A global mining firm revealed the power of such efforts when it applied advanced analytics to its work sites. To reduce equipment downtime, it first created a model that assessed the likelihood of machinery failure based on a range of factors, such as the number of operating hours, weather conditions, and average load. The company then created a model that could detect incipient failures based on various sensor inputs, including motor voltage, current, and temperature. Together, the analyses helped the company develop a solution for eliminating early conveyor-belt failures. During an integration, when companies are merging operations, similar analyses could help them develop efficient solutions to common problems. These analytics might be particularly helpful when trying to address issues at the target business, since they may have little understanding of root causes or potential solutions.
The same logic applies to increasing the efficacy of employees or groups. In sales, for instance, merging companies may have significant coverage overlaps. Leaders can eliminate these by gathering data on territories, customers, workloads, and travel patterns. After mapping all coverage overlaps, either within a single company or across both, they should apply advanced analytics to understand the underlying market. For instance, construction players could analyze the number of roads, buildings, and people in specific locations to identify future growth pockets.

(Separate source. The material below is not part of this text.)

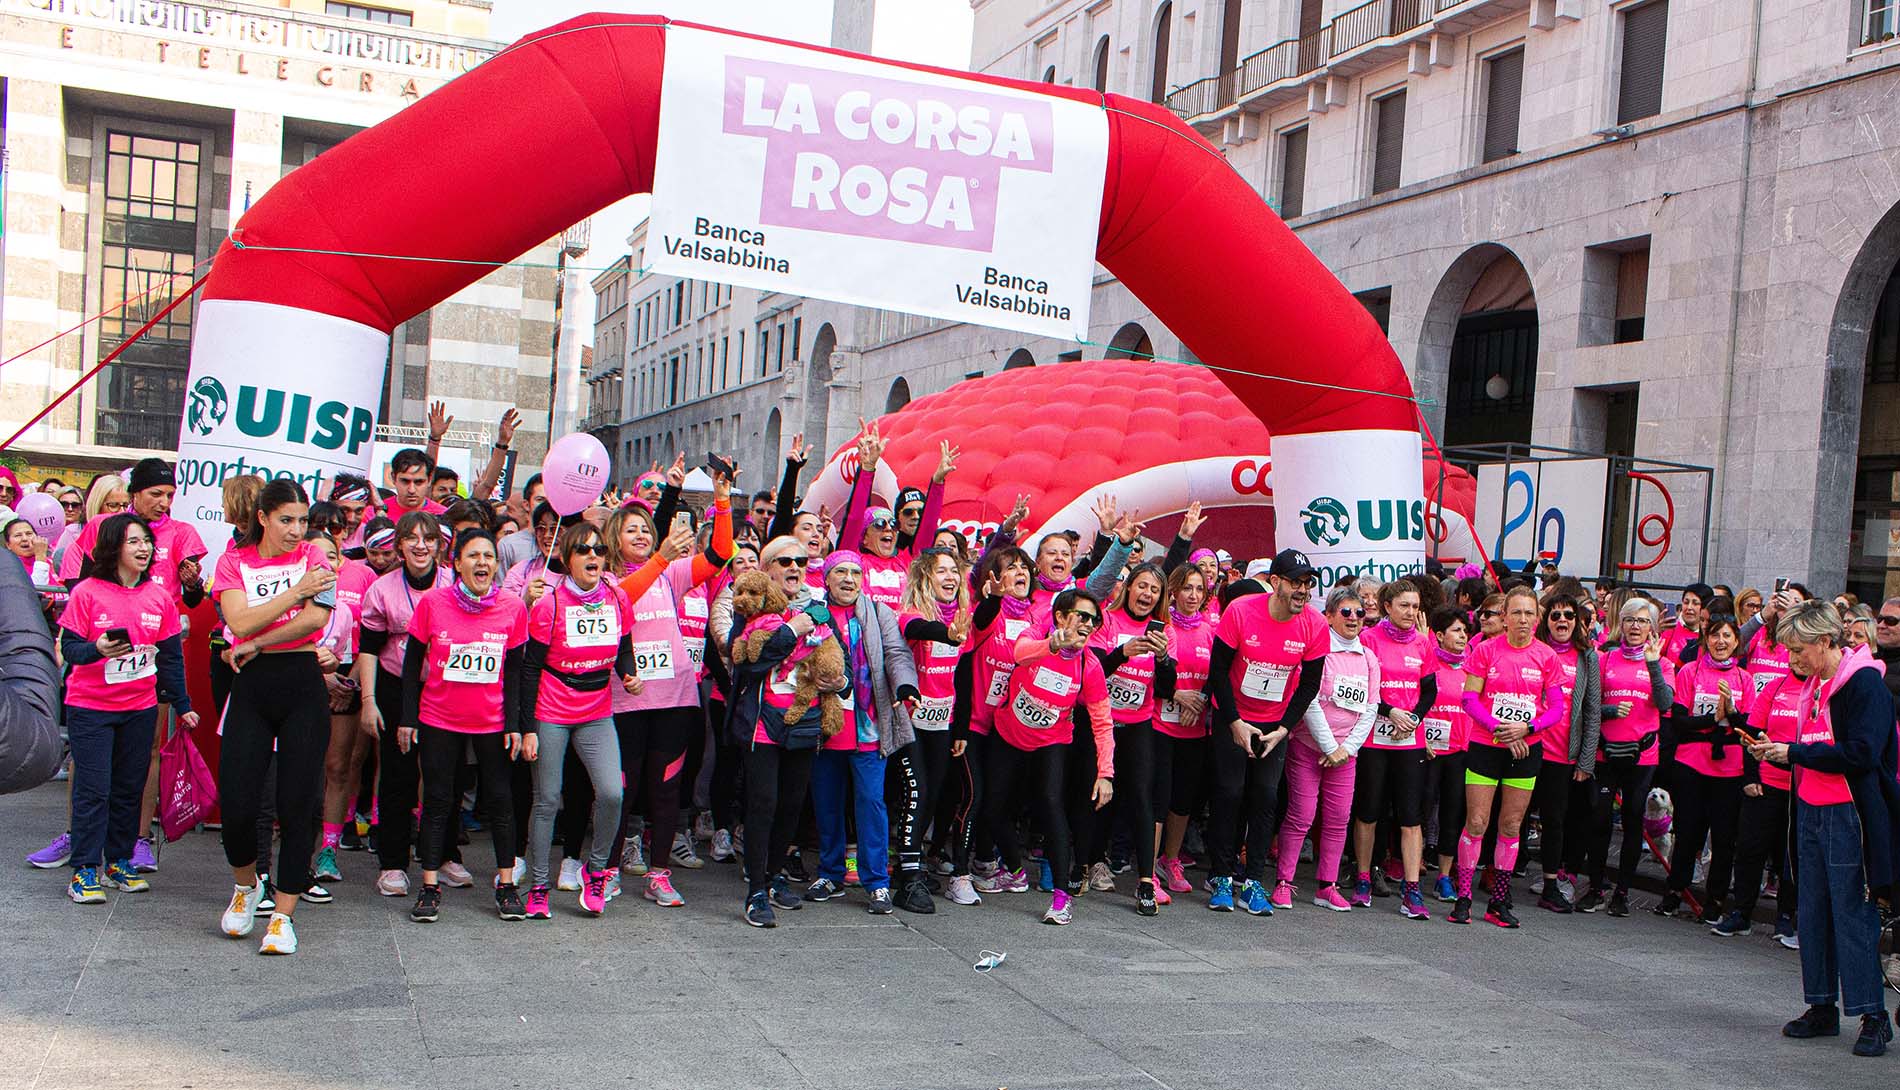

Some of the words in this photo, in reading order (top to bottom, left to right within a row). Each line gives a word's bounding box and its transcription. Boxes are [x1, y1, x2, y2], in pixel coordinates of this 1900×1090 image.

The tried-and-true strategies for merging two companies will get the job done, but it’s time to add advanced analytics to the equation. Of course, such efforts may be more difficult during a transaction, when everyone is busy and leaders are occupied with pressing integration tasks—and that means success may require additional staff or resources, such as the addition of data scientists. Companies must also prioritize their advanced-analytics initiatives during integration, since they cannot feasibly pursue every promising opportunity. While advanced analytics may require some up-front investment, they will ultimately increase deal value. They will also reduce stress for everyone involved in integration by deepening insights, increasing transparency, and accelerating timelines—and that gives advanced analytics a value that goes far beyond the bottom line.